Like many other treatments for addiction, the Shulman Center offers individual and family counseling; recommends attending a version of Alcoholics Anonymous (Shopaholics Anonymous) or other support group; and offers specific interventions aimed at dealing with activity/substance-specific aspects of the person’s problem (e.g., addressing financial and legal issues). Rather than complete abstinence, however, the programs aims to help individuals and their families keep their spending and finances in balance.
To Buy or Not to Buy
Shopaholics Anonymous is not the only rehab that is offered for compulsive shoppers. Debtors Anonymous is a debt support group offered to help break the cycle of unsecure debt and gain financial recovery through a 12-step program. Stopping Overshopping is another recovery program that focuses on educating compulsive shoppers through books, exercises, new material introduced in each meeting, and having the individuals set personal goals. These meetings are held in person or on the phone for 12 weeks.

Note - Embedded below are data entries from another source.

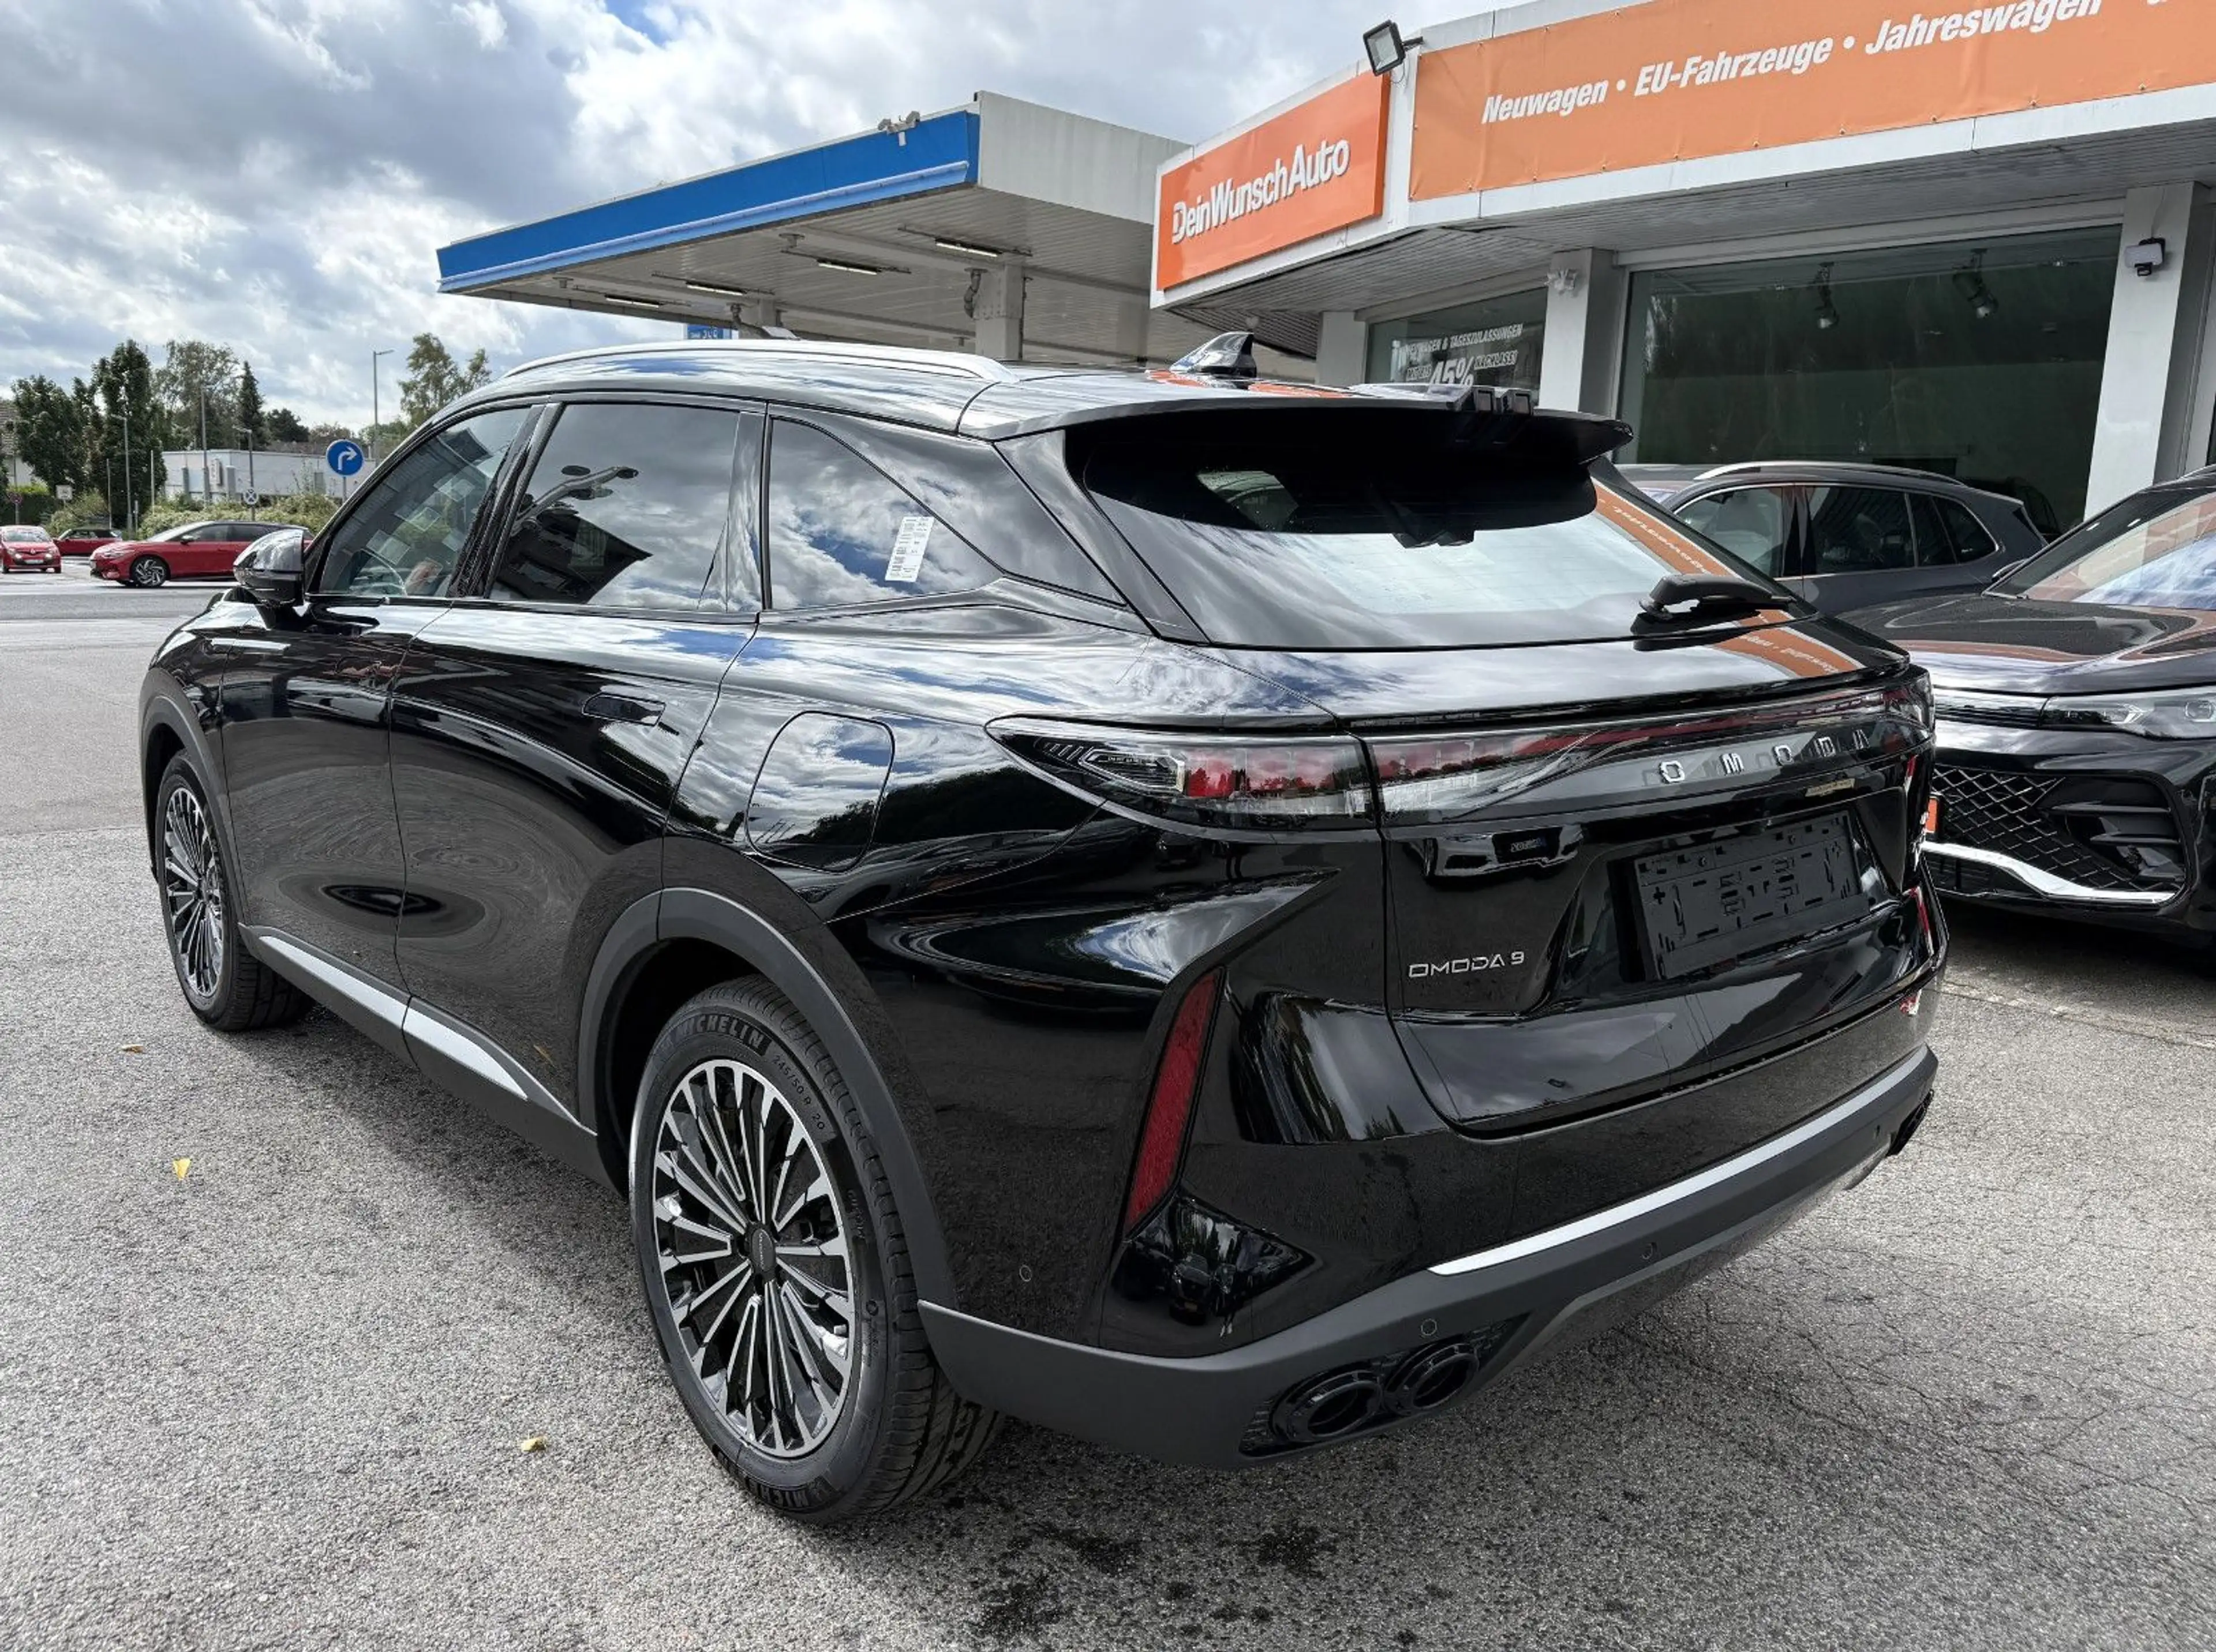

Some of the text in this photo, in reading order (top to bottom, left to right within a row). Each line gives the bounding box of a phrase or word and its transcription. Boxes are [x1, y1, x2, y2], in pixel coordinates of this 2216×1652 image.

[1481, 0, 2102, 124] Neuwagen EU-Fahrzeuge Jahreswagen
[1450, 323, 1523, 349] TAGESZULASSUNGEN
[1409, 952, 1525, 977] OMODA 9
[676, 1014, 765, 1049] MICHELIN
[773, 1054, 804, 1095] 245/50
[811, 1112, 825, 1130] 20

Like alcoholics and drug addicts, recovering shopaholics need certain principles in their lives that will help them with recovery. One of the most important principles is stability. As a recovering shopaholic you need stability in your life, not just therapy. For those looking for more information and insights, the book To Buy or Not to Buy: Why We Overshop and How to Stop is a good place to start.

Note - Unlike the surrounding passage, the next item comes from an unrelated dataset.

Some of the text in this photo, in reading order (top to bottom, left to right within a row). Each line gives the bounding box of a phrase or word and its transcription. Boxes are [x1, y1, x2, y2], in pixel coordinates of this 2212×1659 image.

So as you can see, shopping addiction is a multifaceted problem and doesn’t always have a fairytale ending. Unlike the movie Confessions of a Shopaholic, a girl’s problems won’t be whisked away with romance and Daddy won’t be coming to the rescue to unfreeze the credit card.

Shopaholics cannot just be thrown back into the same contexts or lifestyles that they used to live. Like with other addictions, both a person’s own behavior and his or her life situation need to change to move to a path of recovery.

More Research

Helga Dittmar, Are You What You Have? (pdf) & Understanding and Diagnosing Compulsive Buying

Donald Black, A Review of Compulsive Buying Disorder (pdf)

Koran et al., Estimated Prevalence of Compulsive Buying Behavior in the United States

Hollander & Allen, Is Compulsive Buying a Real Disorder, and Is It Really Compulsive? (pdf)

Kellett & Bolton, Compulsive Buying: A Cognitive-Behavioral Model

2 thoughts on “Confessions of a Shopaholic

  1. I am the Heidi from the Interventon episode. Your article is very informative! Thank goodness for the wonderful treatment I am no longer a active shopping addict. Once I got to “why” I was an addict, the addiction became controlled. With any addiction I think that is the most important first step, there is always a deep rooted issue that takes people to the addiction stage. Until you find out where the addiction stems from the addict will continue to be an addict, and any attempt to quit will just be a band aid effect. It has been 4 years since my Intervention, and I continue to set spending limits when I shop and no longer get that “high” from shopping as I find out the why to my addiction.